The principle of horizontal subsidiarity serves to dismantle and privatize public services, farming them out to the private sector which can then profit from the management of services such as schools, hospitals, care, cultural activities and various social services. Universal services only guarantee a minimum service to all, services which are offered by various sources on the basis of particular interests often on an ethnic or denominational basis, through schools and services financed by public funds.
Federalism and subsidiarity from a libertarian point of view, however, are elements of freedom and equality:
federalism means solidarity, enabling the redistribution of resources between rich and poor areas;
vertical subsidiarity, as theorized in libertarian circles since the days of Proudhon, has as its basis a system of assemblies ensuring the participation of all in political management, structures based on self-management and the rejection of the electoral delegate and federated on an ever-growing territorial level;
the principle of horizontal subsidiarity, as demonstrated by the experiences of self-management in Spain in 1936, the cooperativism of the peasant leagues, of the mutual aid societies, is an instrument of self-government and participation, of the initiative of everyone in the management of services on the basis of solidarity in a harmonic vision of society, founded on the freedom of education, on pluralism in religious matters, on the rejection of divisions on the basis of ethnicity, race or wealth.
The result of the partisan, anti-fascist struggle for freedom and equality, despite being reduced to the form of a written document aimed at balancing (or evening out) the strength ratios that existed in 1946–47,[5] is now once more under attack.
But what is at stake today for workers and for the exploited is not just the defense of the Constitution in itself. It is countering the strategy that lies behing the laws enforcing these changes and the consequences they might have. A strategy which serves:
the interests of greater capitalist profit
to strengthen social control
to concentrate political power into the hands of one person
to increase inequality and reduce freedom.
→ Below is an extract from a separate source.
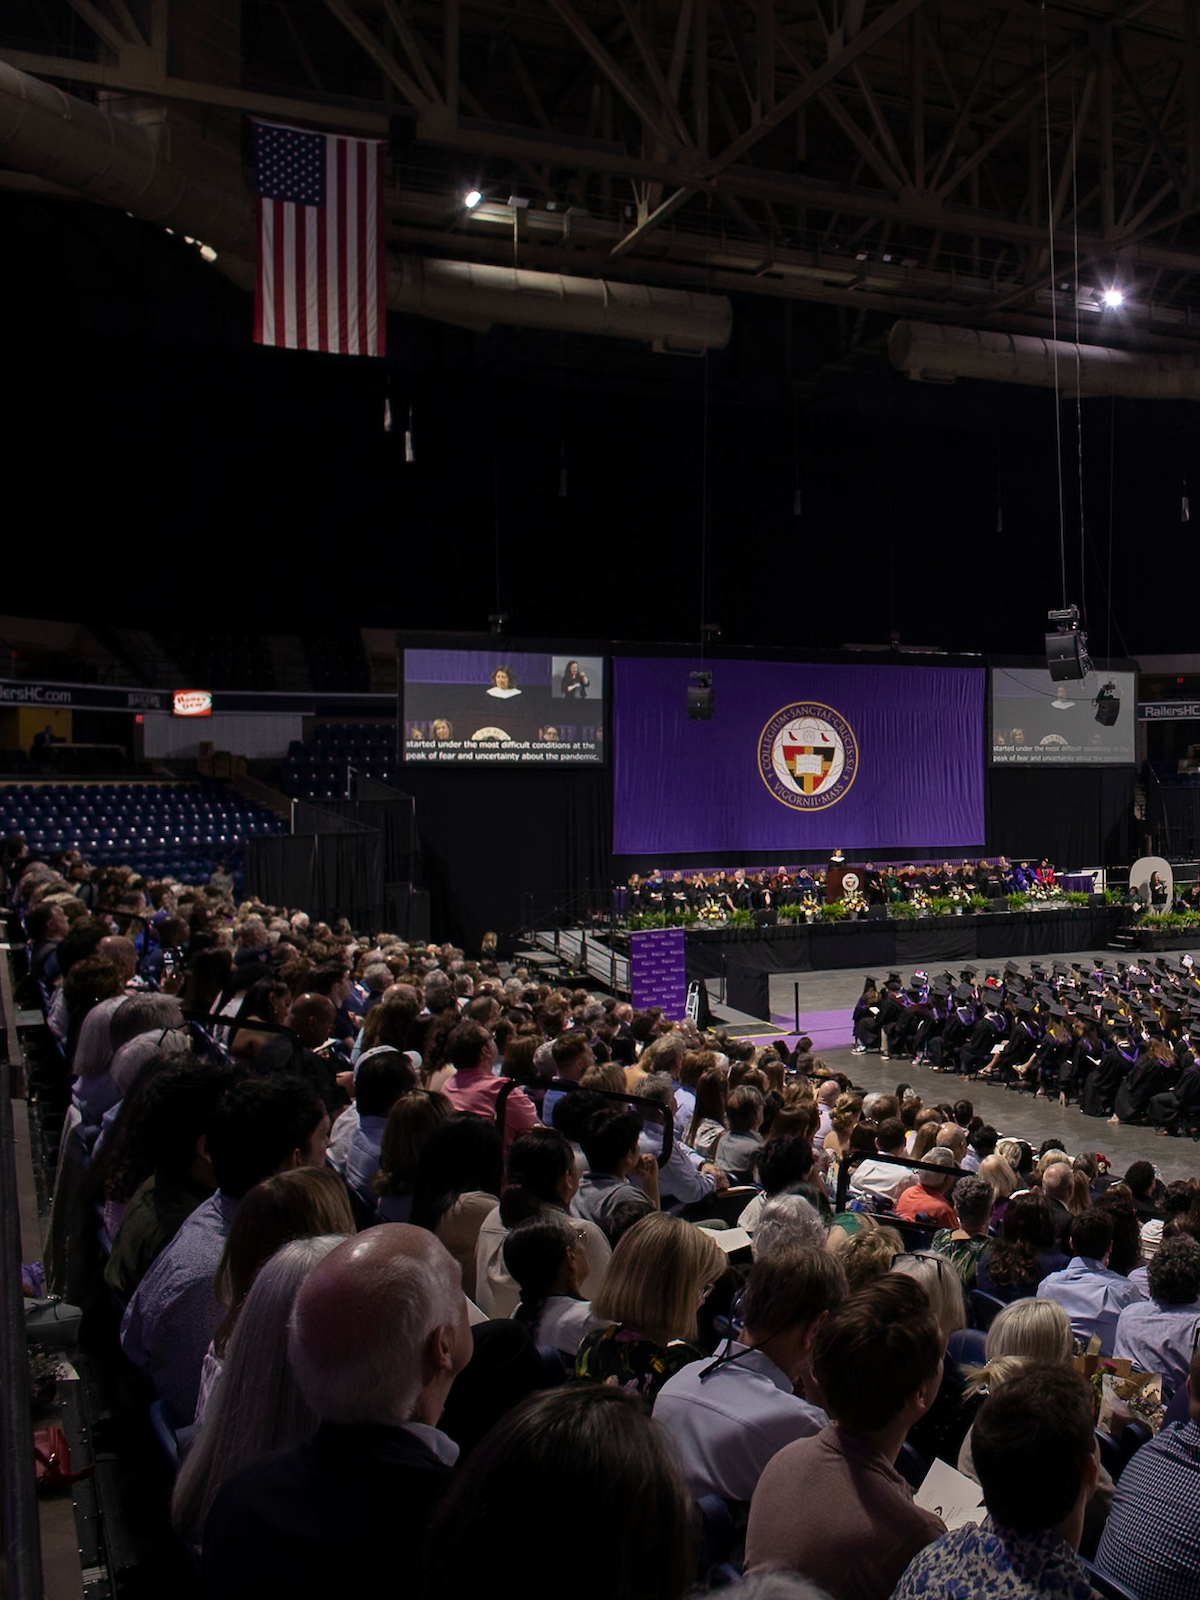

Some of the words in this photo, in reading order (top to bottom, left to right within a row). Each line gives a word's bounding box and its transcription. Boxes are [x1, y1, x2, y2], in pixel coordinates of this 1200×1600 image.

To defeat this subversive plan, voting NO is useful but it is not enough.
We must stop the privatization of public services, prevent the provision of services on the basis of unequal subsidiarity, take back politics and society into our own hands, without delegating!
[1] The Bicameral Committee, presided over by Massimo D’Alema, was established in 1997 to reform the Italian constitution. The Committee’s recommendations were subject to amendment by parliament and approval by referendum. The Committee ended up recommending an essentially French-style semi-presidential system, accompanied by an electoral law that offered a premium of an additional 20% of seats to the majority, with remaining seats being divided between a majority system and a proportional one.
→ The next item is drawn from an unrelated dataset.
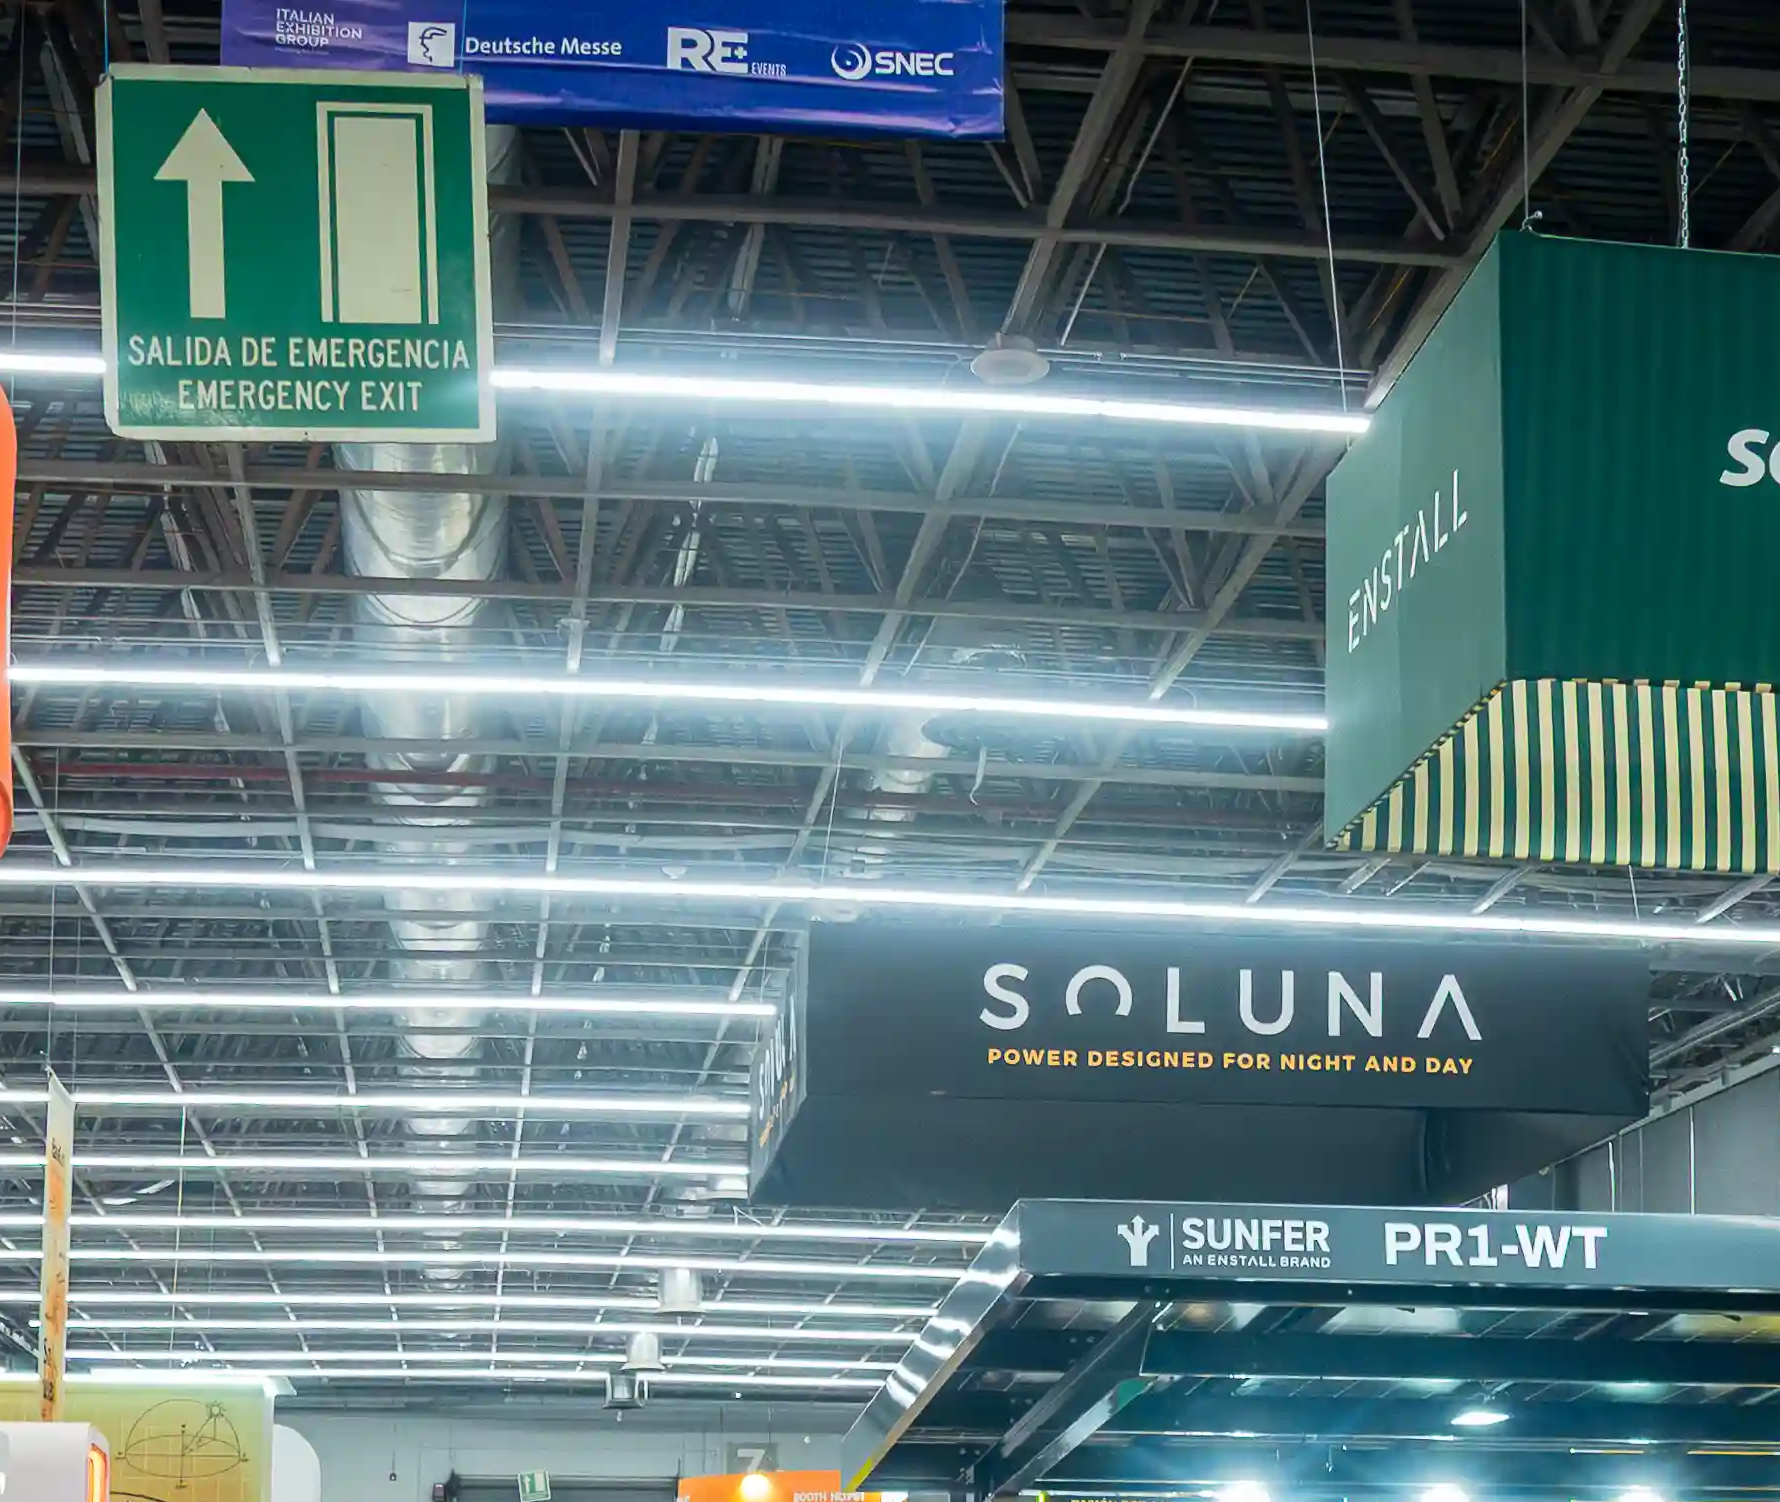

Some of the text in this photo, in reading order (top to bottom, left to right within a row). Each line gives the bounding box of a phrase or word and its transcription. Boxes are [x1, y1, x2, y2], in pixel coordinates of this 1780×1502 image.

[2] The October 2001 referendum shifted power from the central government to the country’s regions. 70% of voters (in a turnout of only 24%) backed the proposals put forward by the previous center-left government that gave the 20 regional authorities more say over taxation, education and environmental policy.
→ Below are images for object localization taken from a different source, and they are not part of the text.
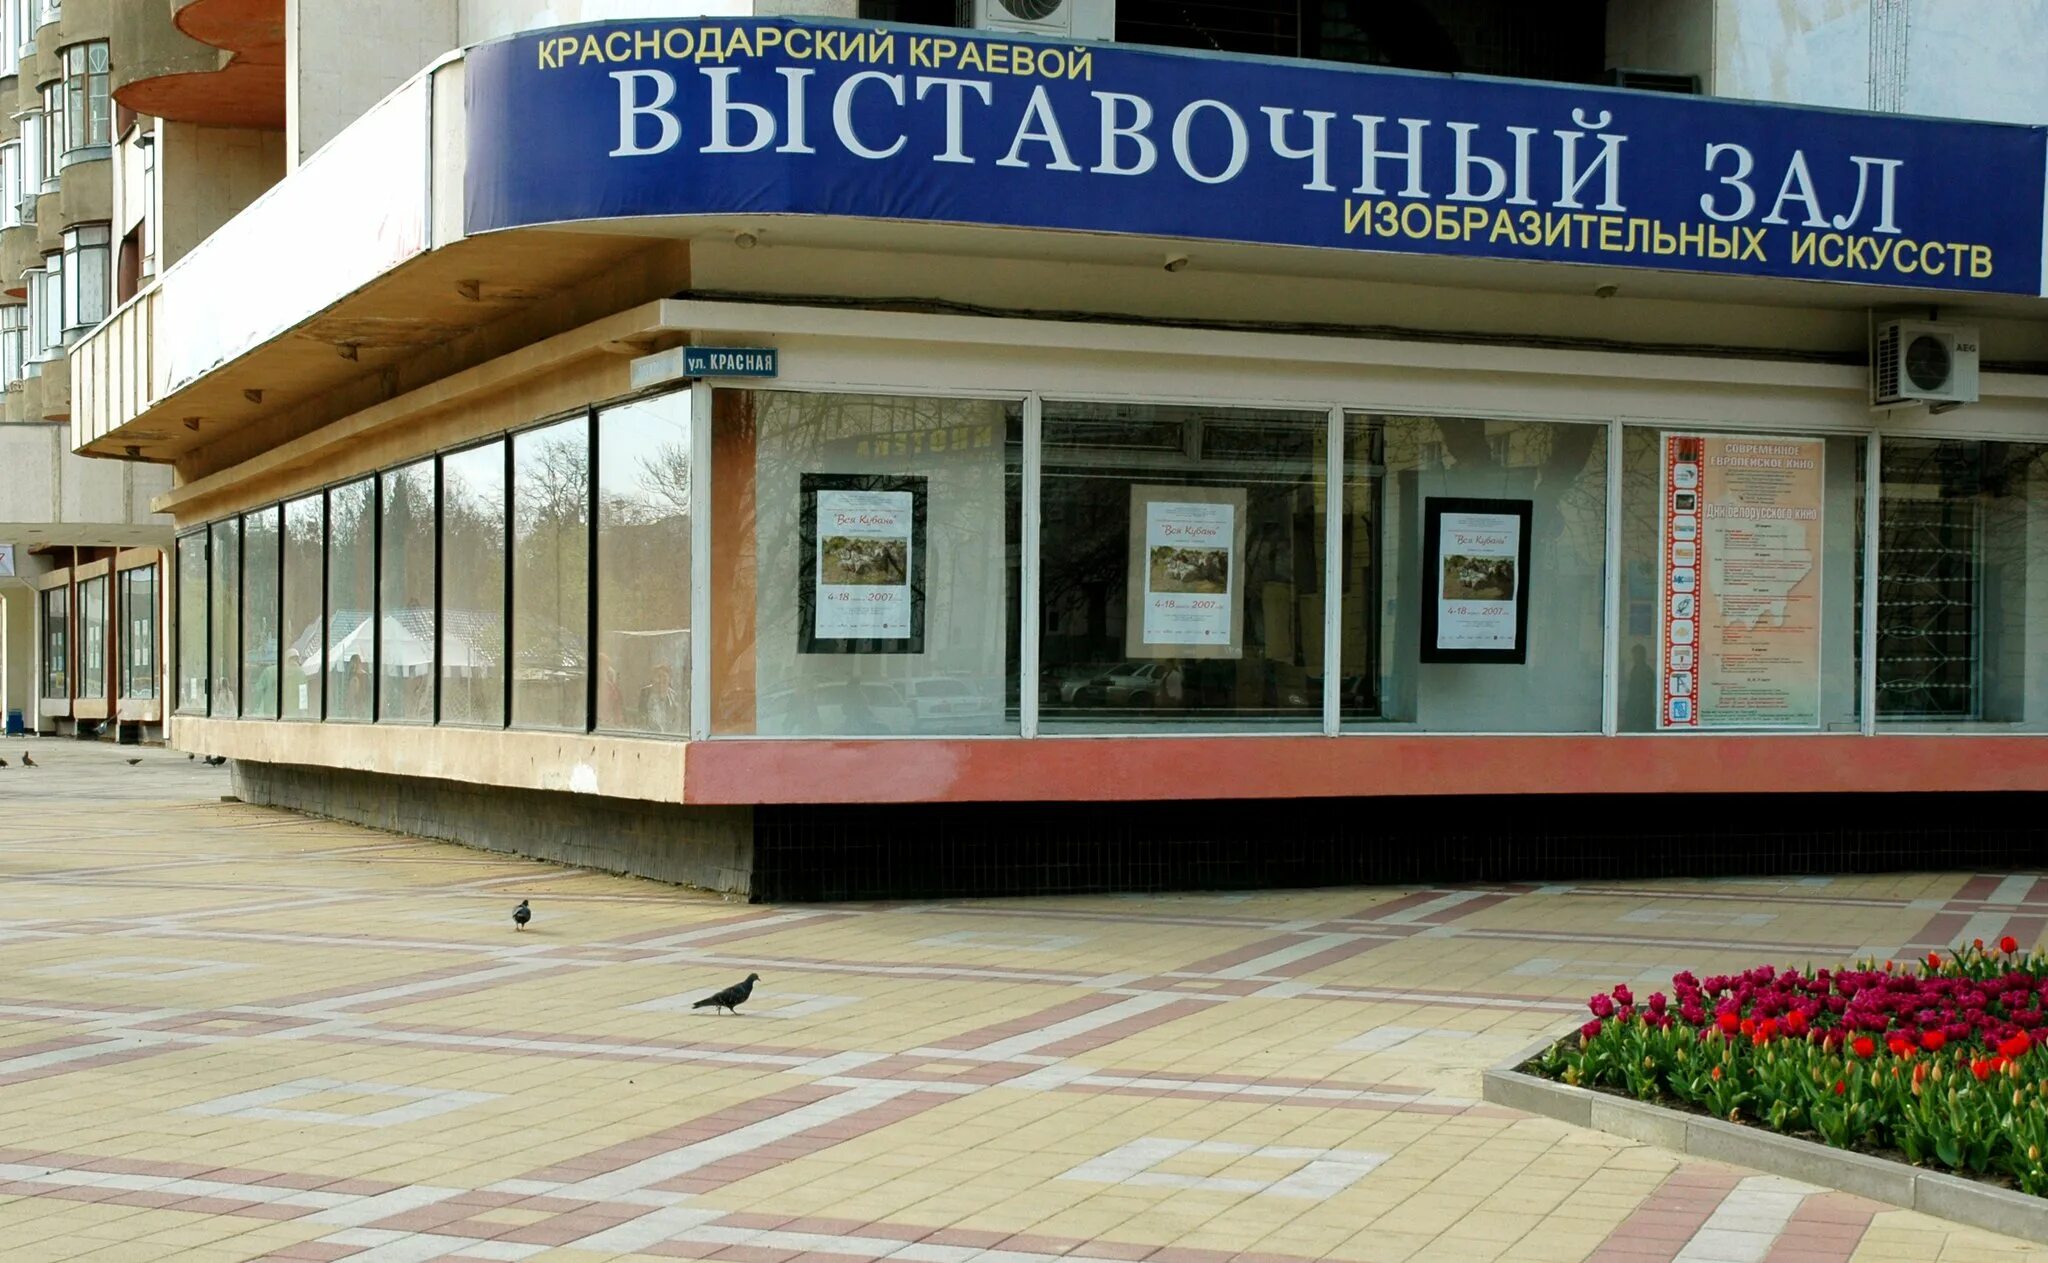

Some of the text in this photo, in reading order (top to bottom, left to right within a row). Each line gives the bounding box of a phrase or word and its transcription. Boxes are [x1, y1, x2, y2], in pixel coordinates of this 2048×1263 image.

[536, 26, 1094, 82] КРАСНОДАРСКИЙ КРАЕВОЙ
[608, 66, 1904, 235] ВЫСТАВОЧНЫЙ ЗАЛ
[1343, 198, 1993, 279] ИЗОБРАЗИТЕЛЬНЫХ ИСКУССТВ
[1956, 343, 1976, 352] AEG
[688, 353, 772, 371] ул. КРАСНАЯ
[1725, 443, 1800, 456] СОВРЕМЕННОЕ
[867, 592, 894, 601] 2007
[1154, 600, 1175, 609] 4-18
[1191, 600, 1216, 609] 2007
[1447, 606, 1468, 615] 4-18
[1481, 607, 1504, 616] 2007
[3] The leader of the executive currently holds the title “Chairman of the Council of Ministers” and enjoys no special powers.
[4] Italy is divided into 20 regions (e.g. Lombardy, Sicily, Tuscany). The regions are divided into 100 provinces based around cities, and the provinces are divided into over 8,000 “communes”, or local councils. The bigger “communes” are also divided into municipalities.
[5] The reference is to the creation of the Italian Republic following the fall of the Kingdom of Italy after World War II.